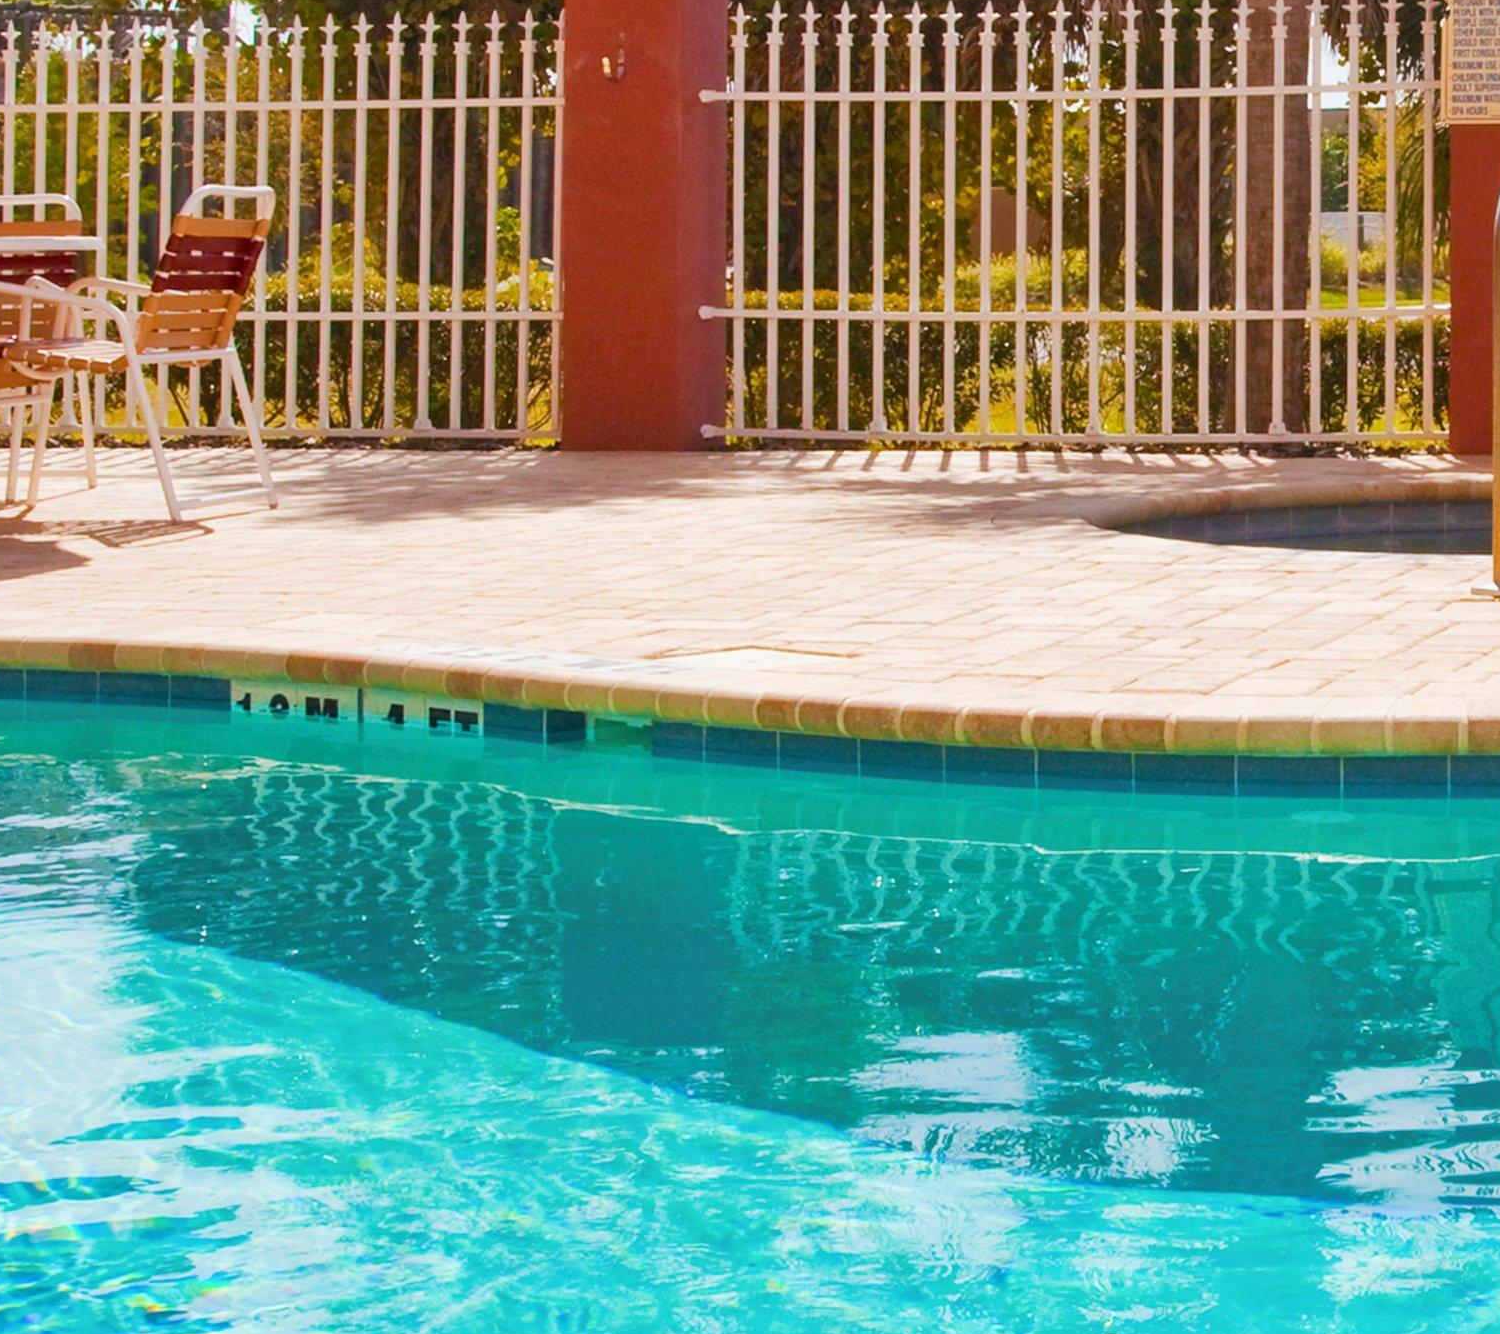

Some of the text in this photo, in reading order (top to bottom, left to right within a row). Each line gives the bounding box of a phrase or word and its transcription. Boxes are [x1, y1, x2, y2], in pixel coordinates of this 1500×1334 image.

[1479, 8, 1493, 16] WITH
[1480, 38, 1492, 46] NOT
[1453, 49, 1470, 57] FIRST
[1452, 107, 1464, 115] SPA

→ EXERCISE:
Reproduce the listing exactly, images omitted.

→ WRITTEN RESPONSE:
Some of the text in this photo, in reading order (top to bottom, left to right within a row). Each line gives the bounding box of a phrase or word and its transcription. Boxes are [x1, y1, x2, y2], in pixel coordinates of this 1500×1334 image.

[1479, 8, 1493, 16] WITH
[1480, 38, 1492, 46] NOT
[1453, 49, 1470, 57] FIRST
[1452, 107, 1464, 115] SPA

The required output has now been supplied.